For this exercise, copy the data exactly and omit any images.

■ TASK MATERIAL:
>>

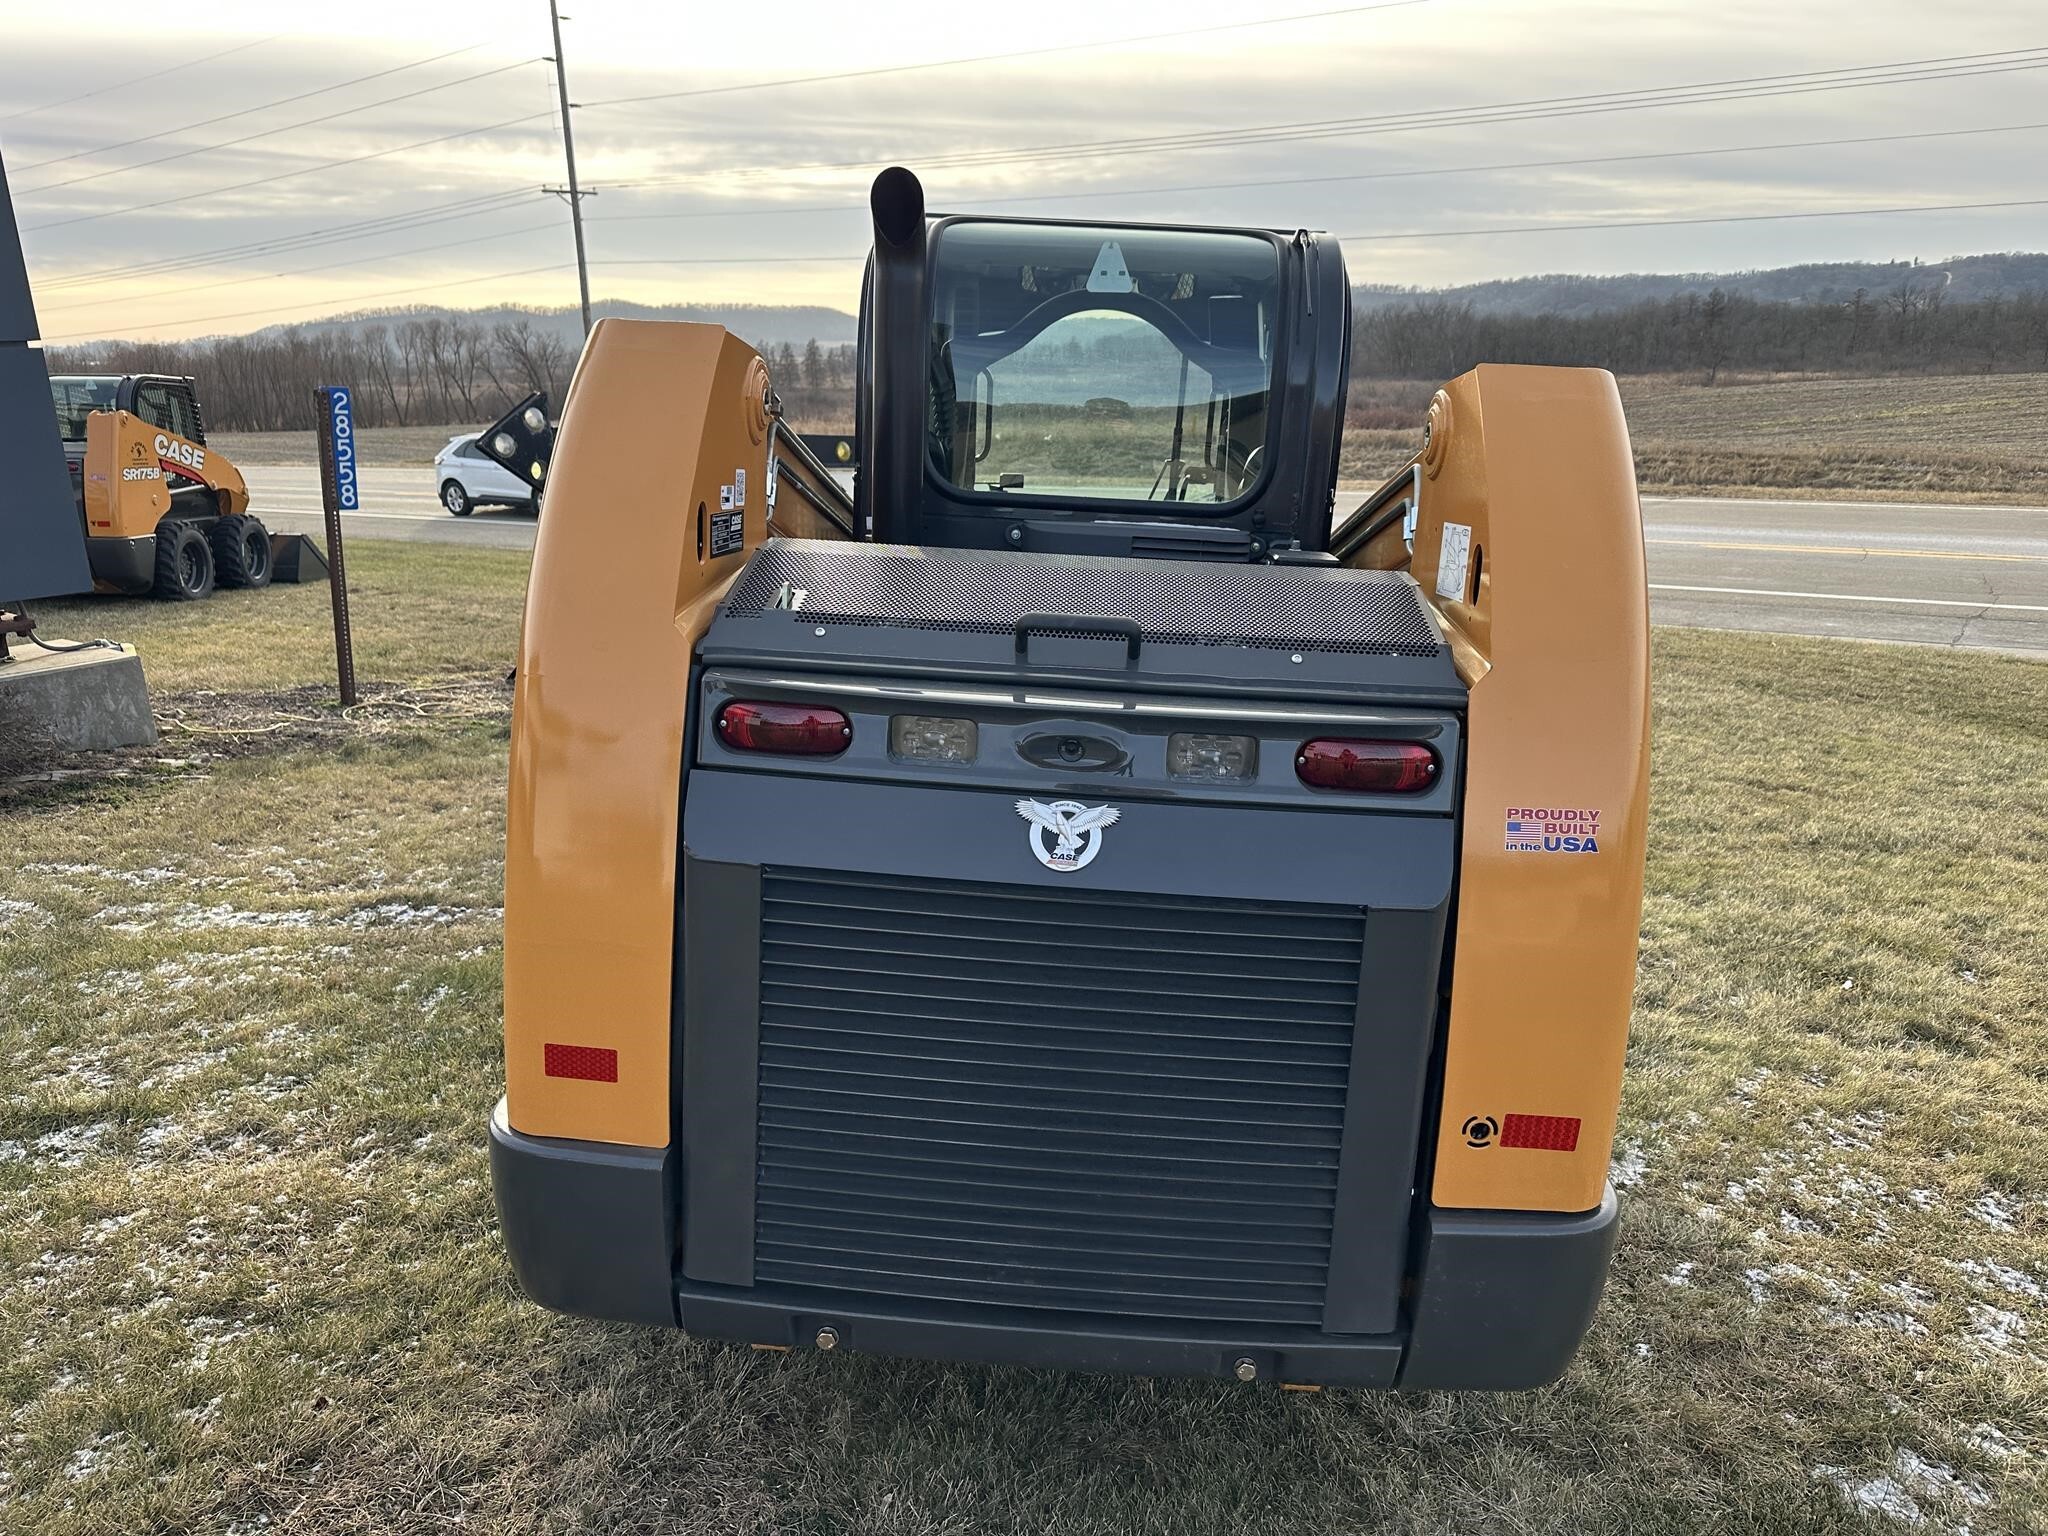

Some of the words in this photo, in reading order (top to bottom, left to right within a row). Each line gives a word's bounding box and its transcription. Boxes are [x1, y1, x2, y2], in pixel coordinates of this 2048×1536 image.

[154, 433, 205, 471] CASE
[333, 392, 355, 506] 28558
[122, 467, 160, 481] SR175B
[1506, 808, 1601, 822] PROUDLY
[1543, 822, 1600, 835] BUILT
[1505, 842, 1517, 850] in
[1519, 842, 1542, 851] the
[1543, 836, 1599, 853] USA
[1050, 852, 1080, 861] CASE
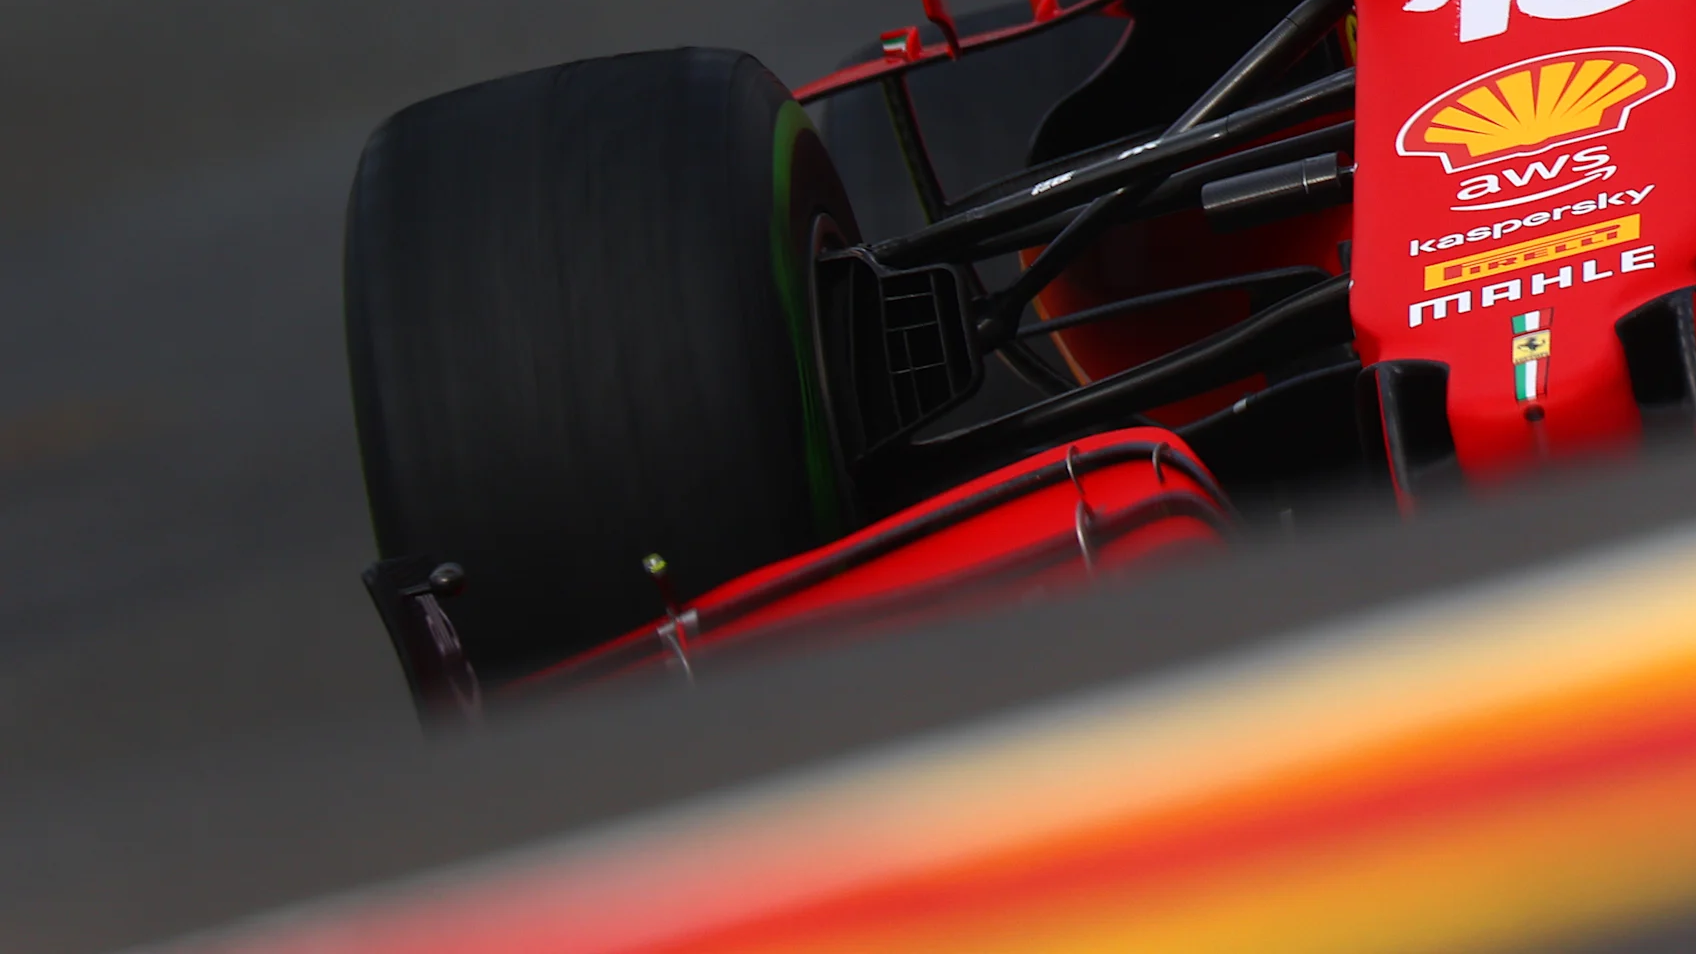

<<

■ TASK SOLUTION:
Some of the words in this photo, in reading order (top to bottom, left to right within a row). Each line gives a word's bounding box and its transcription. Boxes are [x1, y1, x2, y2], in pixel coordinates of this 2048×1536 image.

[154, 433, 205, 471] CASE
[333, 392, 355, 506] 28558
[122, 467, 160, 481] SR175B
[1506, 808, 1601, 822] PROUDLY
[1543, 822, 1600, 835] BUILT
[1505, 842, 1517, 850] in
[1519, 842, 1542, 851] the
[1543, 836, 1599, 853] USA
[1050, 852, 1080, 861] CASE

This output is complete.